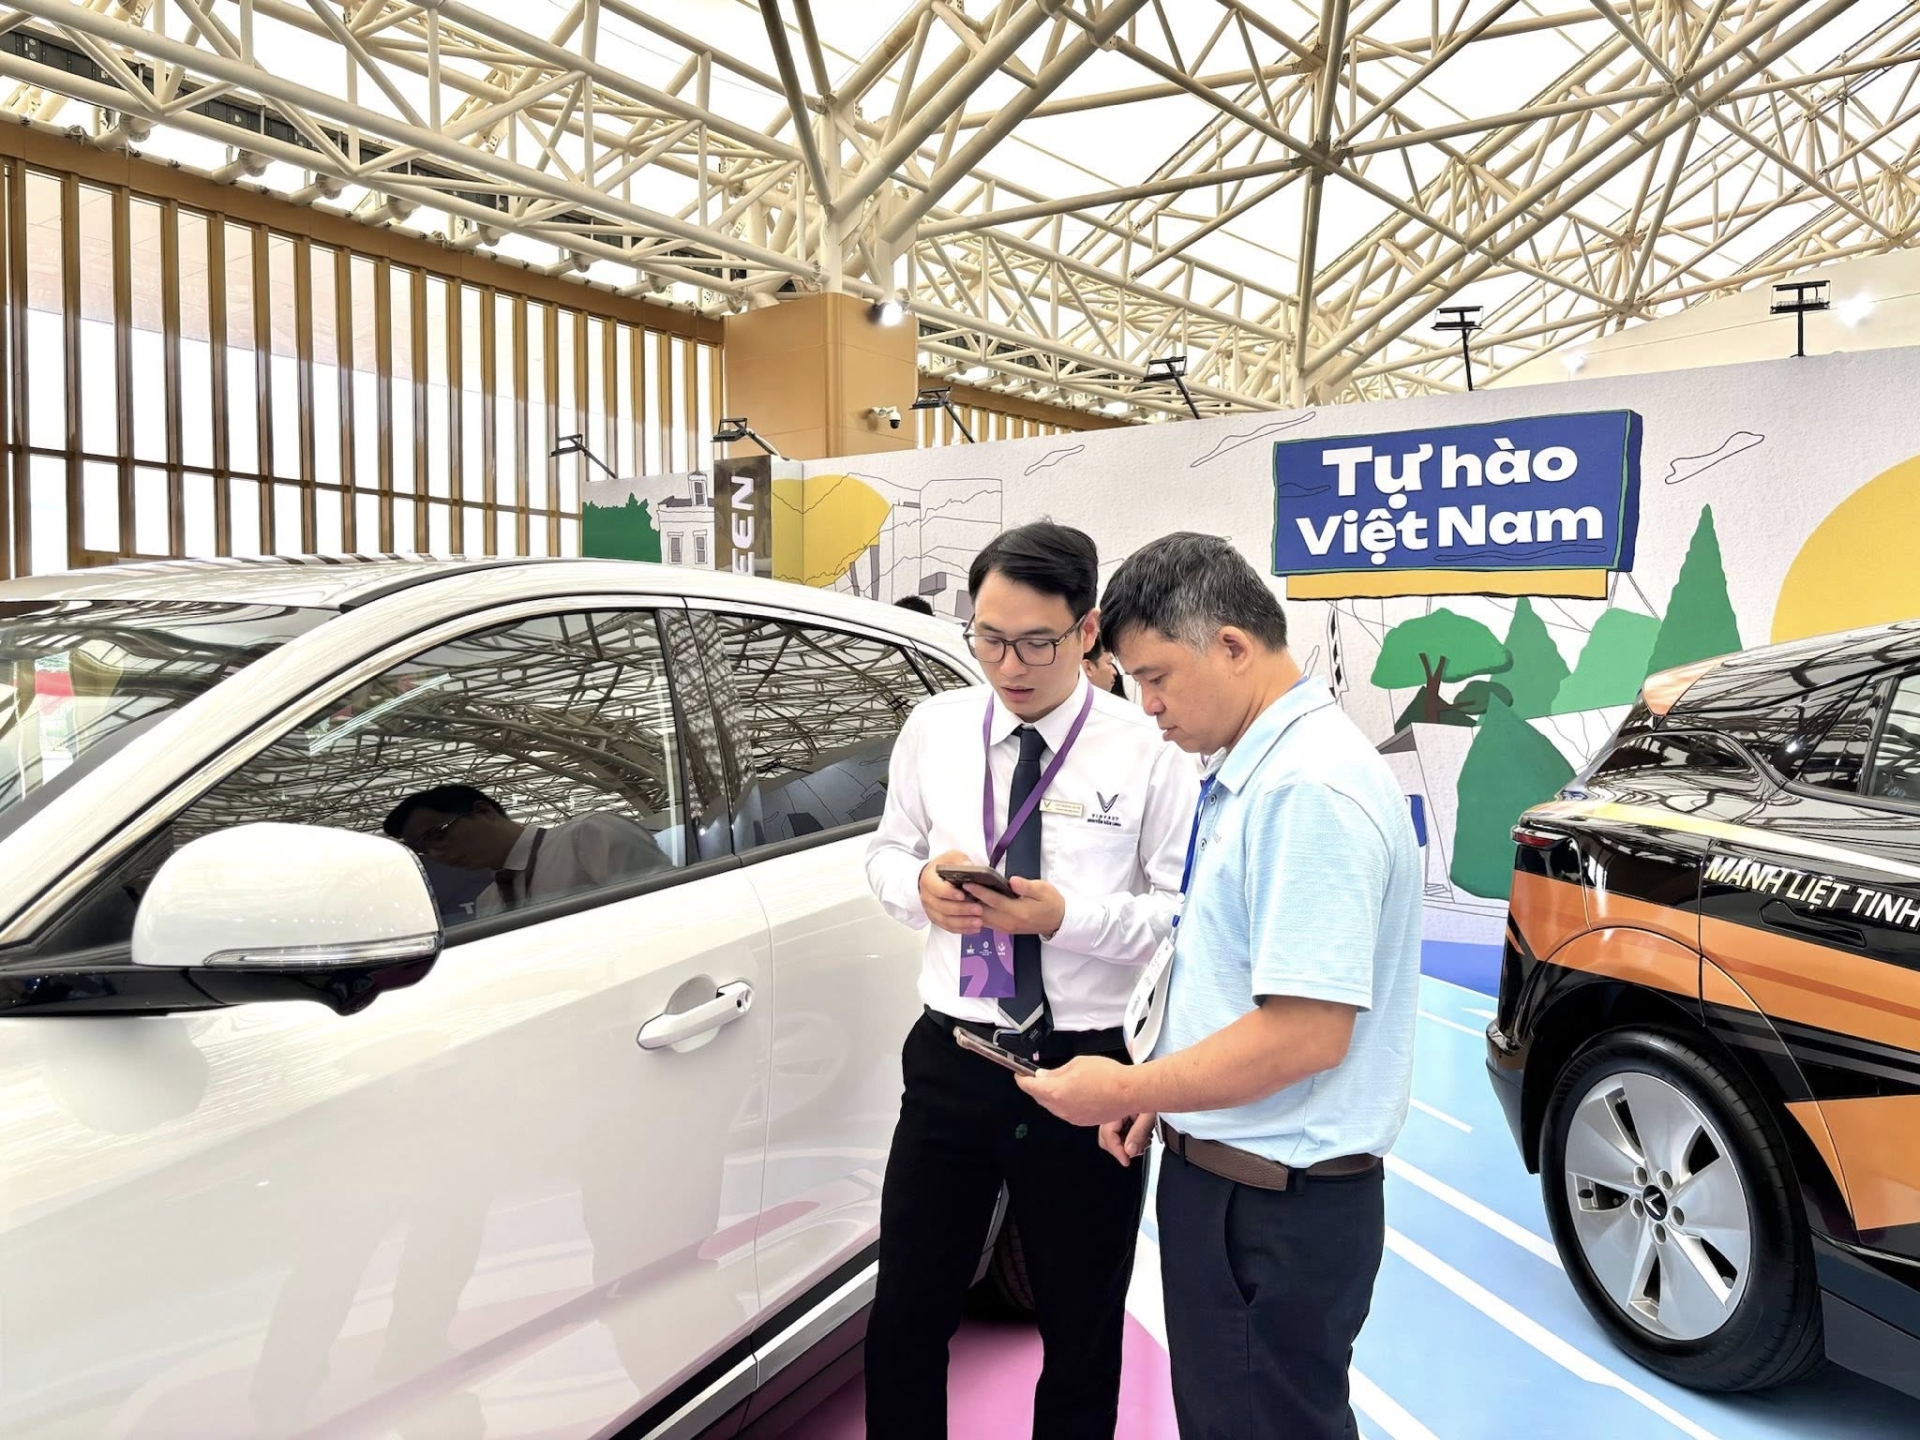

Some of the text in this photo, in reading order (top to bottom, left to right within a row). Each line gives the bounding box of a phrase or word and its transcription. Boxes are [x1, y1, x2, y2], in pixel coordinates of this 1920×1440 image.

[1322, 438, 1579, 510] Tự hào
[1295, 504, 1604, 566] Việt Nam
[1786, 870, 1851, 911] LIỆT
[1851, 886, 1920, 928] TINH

◇ ◇ ◇ ◇ ◇

[What to do]: The whole listing above is to be printed again exactly; pictures stay out of it.

[Response below]:
Some of the text in this photo, in reading order (top to bottom, left to right within a row). Each line gives the bounding box of a phrase or word and its transcription. Boxes are [x1, y1, x2, y2], in pixel coordinates of this 1920×1440 image.

[1322, 438, 1579, 510] Tự hào
[1295, 504, 1604, 566] Việt Nam
[1786, 870, 1851, 911] LIỆT
[1851, 886, 1920, 928] TINH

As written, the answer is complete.